### RECORDS FOR THE TASK
---------------

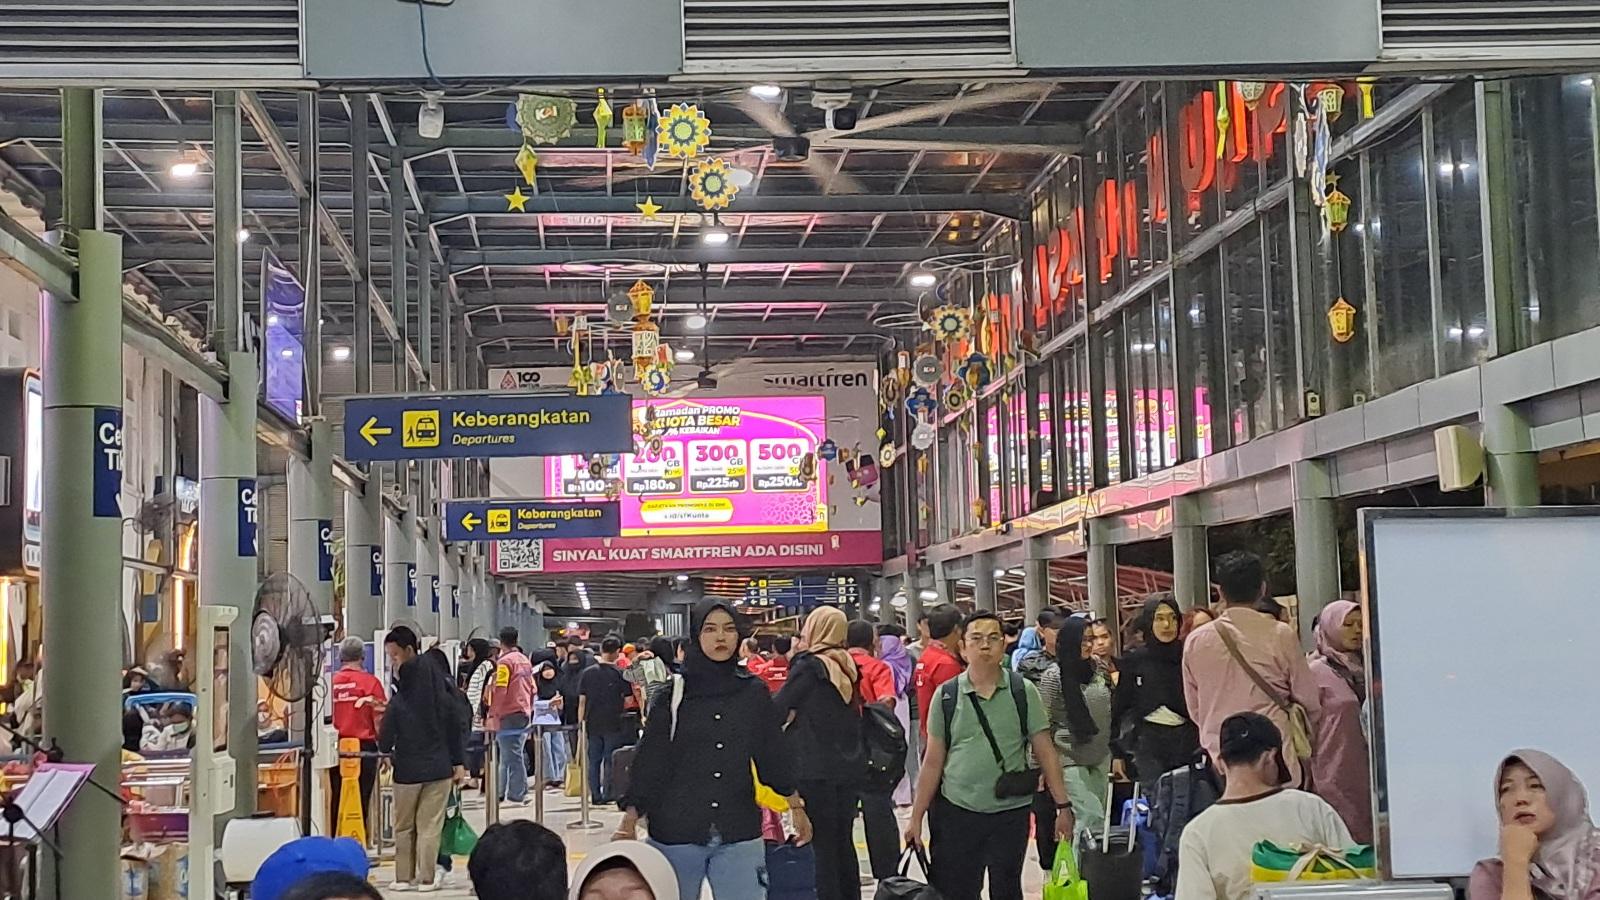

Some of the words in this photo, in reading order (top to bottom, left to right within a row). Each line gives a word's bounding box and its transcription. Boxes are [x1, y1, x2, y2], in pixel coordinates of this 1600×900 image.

[702, 405, 741, 417] PROMO
[452, 409, 591, 429] Keberangkatan
[697, 414, 741, 427] BESAR
[452, 434, 516, 447] Departures
[696, 444, 739, 462] 300
[758, 443, 802, 461] 500
[729, 458, 743, 466] GB
[632, 479, 676, 492] Rp180rb
[696, 477, 740, 490] Rp225rb
[517, 508, 602, 520] Keberangkatan
[552, 550, 607, 562] SINYAL
[609, 548, 649, 561] KUAT
[651, 545, 742, 560] SMARTFREN
[744, 545, 777, 557] ADA
[779, 543, 824, 556] DISINI
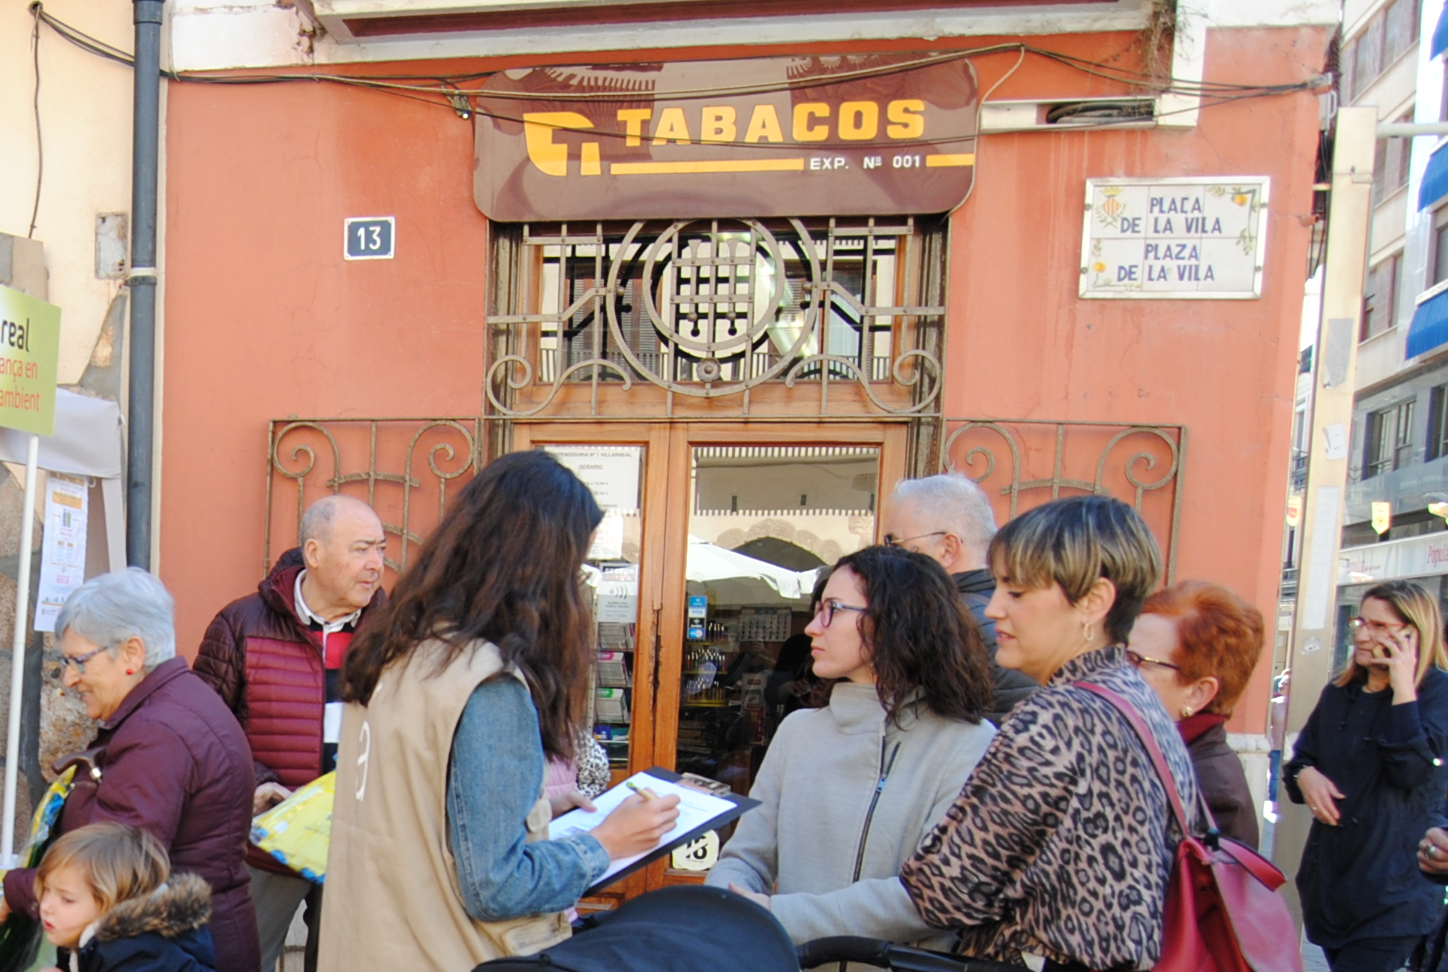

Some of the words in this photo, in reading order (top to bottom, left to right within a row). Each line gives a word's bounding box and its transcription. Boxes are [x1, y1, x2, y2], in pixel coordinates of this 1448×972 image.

[617, 99, 925, 147] TABACOS
[809, 157, 849, 170] EXP.
[892, 155, 920, 169] 001
[1120, 217, 1142, 234] DE
[1153, 217, 1174, 234] LA
[1185, 217, 1222, 234] VILA
[357, 226, 381, 250] 13
[1144, 243, 1200, 261] PLAZA
[1117, 265, 1139, 282] DE
[1147, 265, 1168, 282] LA
[1177, 264, 1215, 281] VILA
[26, 362, 38, 379] en

---------------

### WORK TO BE COMPLETED
Set down the data again, exactly, without images.

### RESPONSE AREA
Some of the words in this photo, in reading order (top to bottom, left to right within a row). Each line gives a word's bounding box and its transcription. Boxes are [x1, y1, x2, y2], in pixel coordinates of this 1600×900 image.

[702, 405, 741, 417] PROMO
[452, 409, 591, 429] Keberangkatan
[697, 414, 741, 427] BESAR
[452, 434, 516, 447] Departures
[696, 444, 739, 462] 300
[758, 443, 802, 461] 500
[729, 458, 743, 466] GB
[632, 479, 676, 492] Rp180rb
[696, 477, 740, 490] Rp225rb
[517, 508, 602, 520] Keberangkatan
[552, 550, 607, 562] SINYAL
[609, 548, 649, 561] KUAT
[651, 545, 742, 560] SMARTFREN
[744, 545, 777, 557] ADA
[779, 543, 824, 556] DISINI

Some of the words in this photo, in reading order (top to bottom, left to right within a row). Each line gives a word's bounding box and its transcription. Boxes are [x1, y1, x2, y2], in pixel coordinates of this 1448×972 image.

[617, 99, 925, 147] TABACOS
[809, 157, 849, 170] EXP.
[892, 155, 920, 169] 001
[1120, 217, 1142, 234] DE
[1153, 217, 1174, 234] LA
[1185, 217, 1222, 234] VILA
[357, 226, 381, 250] 13
[1144, 243, 1200, 261] PLAZA
[1117, 265, 1139, 282] DE
[1147, 265, 1168, 282] LA
[1177, 264, 1215, 281] VILA
[26, 362, 38, 379] en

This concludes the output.